Ia menjelaskan, bilal mayit se Kota Medan diperkirakan berjumlah kurang lebih 3.000 orang. Dari jumlah tersebut, 60% berjumlah di atas 60 tahun. “Meski berusia lanjut, bilal mayit tetap energik dan mampu melaksanakan tugasnya. Terbukti sejauh ini tidak ada masalah,” tegasnya.
Meskipun ini pekerjaan ibadah dan kewajiban fardu kipayah. dengan keluarnya perwal tersebut, menjadi kekecewaan bagi komunitas bilal mayit dan penggali kubur.
“Kami memang tidak berharap mendapatkan tali asih. Tapi karena dari dulu Pemko sudah memberikan santunan. Bantuan itu menjadi pendapatan lebih buat menghidupi keluarga,” ungkapnya.
Menurutnya, tidak semua orang bisa menjadi bilal mayit. Karena menjadi bilal mayit itu, selain syarat yang diatur di dalam fiqih islam. Menjadi bilal mayit itu harus mampu menjaga rahasia atau aib dari ahli bait.
Kalau pun alasan Bobby ini bagian dari regenerasi, lanjut Pusman, sebaiknya dilakukan pelatihan dan kaderisasi. “Pertanyaannya, apa iya, banyak anak muda yang bersedia jadi bilal mayit,” tanyanya.
Pusman juga mengungkapkan, hingga saat ini, terhitung Januari 2021 hingga Juni, bilal mayit, penggali kubur belum mendapatkan tali asih dari Pemko Medan.

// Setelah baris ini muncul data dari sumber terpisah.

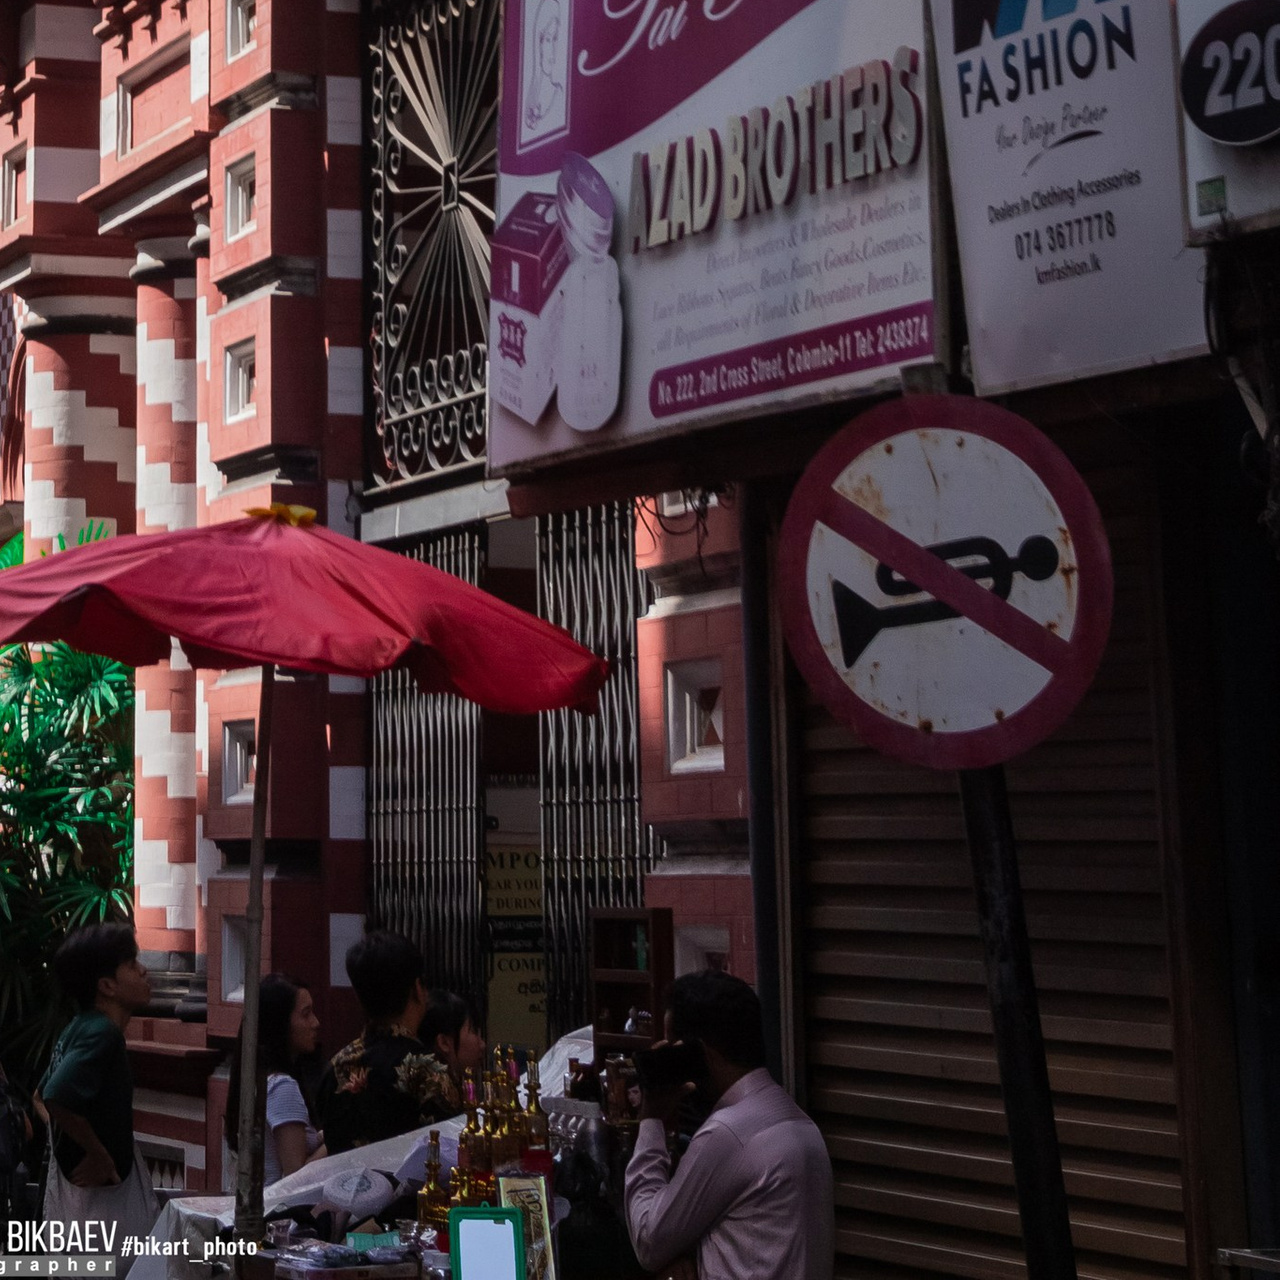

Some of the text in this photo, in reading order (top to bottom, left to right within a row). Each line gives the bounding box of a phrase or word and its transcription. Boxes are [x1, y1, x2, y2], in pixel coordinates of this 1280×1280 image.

[956, 5, 1137, 119] FASHION
[726, 45, 921, 221] BROTHERS
[1014, 209, 1117, 261] 074 3677778
[699, 366, 718, 397] 2nd
[719, 363, 749, 392] Cross

Walikota Medan, Muhammad Bobby Aff Nasution dalam sebuah kesempatan menjelaskan, menyikapi banyaknya keluhan terkait Perwal No.17/2021 tentang Pemberian Dana Jasa Pelayanan Kepada Warga Pelayan Masyarakat yang ditafsirkan bahwa Pemko Medan tidak akan memberikan bantuan kepada pelayan masyarakat yang berusia di atas 60 tahun, Bobby Nasution pun langsung meluruskannya.

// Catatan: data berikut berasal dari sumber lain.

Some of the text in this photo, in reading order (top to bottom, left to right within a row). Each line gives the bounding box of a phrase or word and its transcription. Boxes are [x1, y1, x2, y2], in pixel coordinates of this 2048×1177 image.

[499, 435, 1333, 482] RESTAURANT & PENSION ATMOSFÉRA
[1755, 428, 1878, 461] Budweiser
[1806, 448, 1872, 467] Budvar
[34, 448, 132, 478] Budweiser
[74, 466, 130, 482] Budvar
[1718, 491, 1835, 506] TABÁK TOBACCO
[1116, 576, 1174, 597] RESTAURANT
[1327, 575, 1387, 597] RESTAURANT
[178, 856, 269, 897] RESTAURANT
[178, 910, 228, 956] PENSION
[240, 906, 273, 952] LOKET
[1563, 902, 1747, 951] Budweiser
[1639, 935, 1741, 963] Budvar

“Itu tidak benar, maksudnya tidak seperti itu. Sebagai contoh penggali kubur, masa penggali kubur usianya di atas 60 tahun. Ini bagaimana efektifitas dari beberapa program yang ada di Pemko Medan bisa berjalan. Kemudian, maghrib mengaji, usianya tidak dari 60 tahun lagi, itu sebenarnya perpanjangan dari perwal yang sudah ada,” jelasnya.
Begitu juga dengan Kabag Hukum Setda kota Medan, Laksamana Putra Siregar menjelaskan, bahwa dalam Perwal 17/2021 tersebut juga diatur batas usia penerima bantuan sampai 60 tahun khususnya bagi Penggali Kubur, Guru Magrib Mengaji, Guru Sekolah Minggu, Guru Sekolah Hindu- Budha dan Khong Hu Chu, Panatua Gereja. Sedangkan pelayan masyarakat lainnya tidak dibatasi usianya.
“Hal ini dilakukan karena Pemko Medan menilai pekerjaan fisik dan berat dilakukan salah satu pelayan masyarakat seperti penggali kubur. Tentunya tidak memungkinkan pekerjaan tersebut dilakukan oleh usia diatas 60 tahun. Apalagi kalau dilihat dilapangan yang menggali kubur itu dilakukan warga yang usianya dibawah 60 tahun dan mampu melakukan pekerjaan tersebut. Selain itu kebanyakan penggali kubur tersebut hanya status namun pekerjaannya dilakukan oleh anaknya atau keluarganya,” jelasnya belum lama ini.
Selain itu, Laksamana Putra juga menjelaskan pembatasan usia, juga untuk mengakomodir kepentingan umat beragama seperti contoh guru Magrib mengaji,Guru Sekolah Minggu, Guru Sekolah Hindu- Budha dan Khong Hu Chu. karena didalam pendidikan formal sendiri Guru juga dibatasi usianya. Sebab diusia 60 tahun keatas Secara psikologis adanya penurunan kemampuan untuk mentransfer pengetahuan.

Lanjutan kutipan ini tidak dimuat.